(WORK INSTRUCTION) This exercise asks for an exact copy of every entry below, with pictures omitted.

(TASK INPUTS)
────────────────────

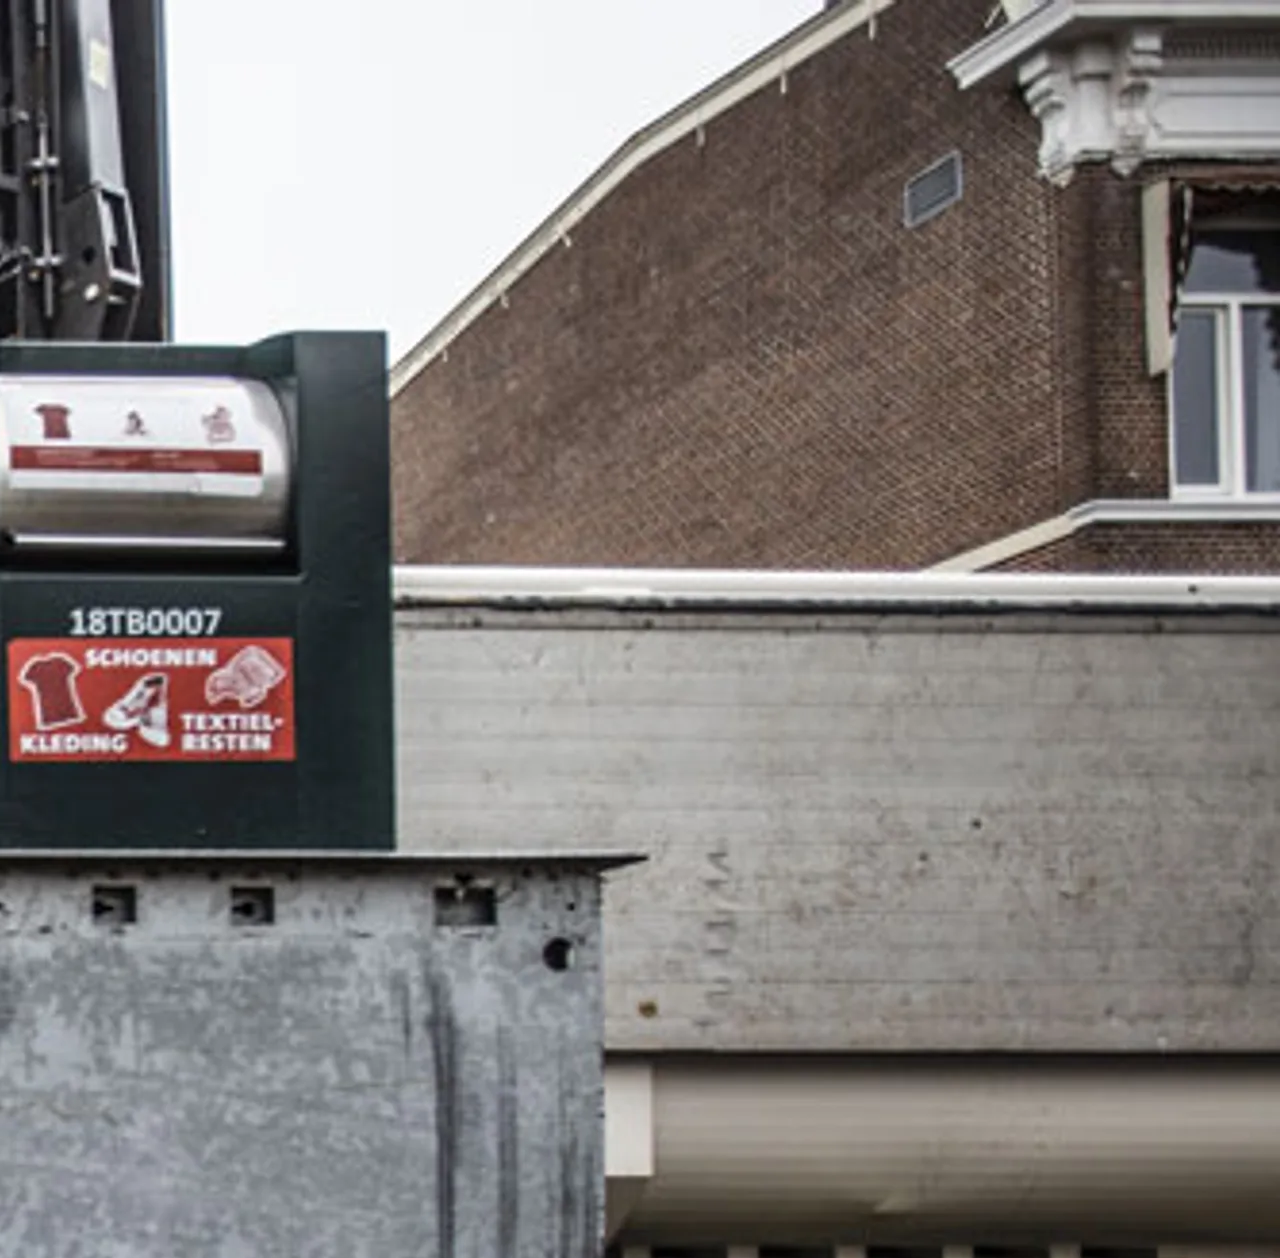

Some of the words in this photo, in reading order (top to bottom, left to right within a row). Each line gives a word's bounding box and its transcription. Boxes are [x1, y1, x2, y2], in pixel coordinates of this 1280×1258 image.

[69, 607, 223, 636] 18TB0007
[85, 649, 218, 667] SCHOENEN
[180, 712, 284, 732] TEXTIEL-
[19, 732, 128, 754] KLEDING
[181, 733, 272, 752] RESTEN

────────────────────

(WORKED SOLUTION)
Some of the words in this photo, in reading order (top to bottom, left to right within a row). Each line gives a word's bounding box and its transcription. Boxes are [x1, y1, x2, y2], in pixel coordinates of this 1280×1258 image.

[69, 607, 223, 636] 18TB0007
[85, 649, 218, 667] SCHOENEN
[180, 712, 284, 732] TEXTIEL-
[19, 732, 128, 754] KLEDING
[181, 733, 272, 752] RESTEN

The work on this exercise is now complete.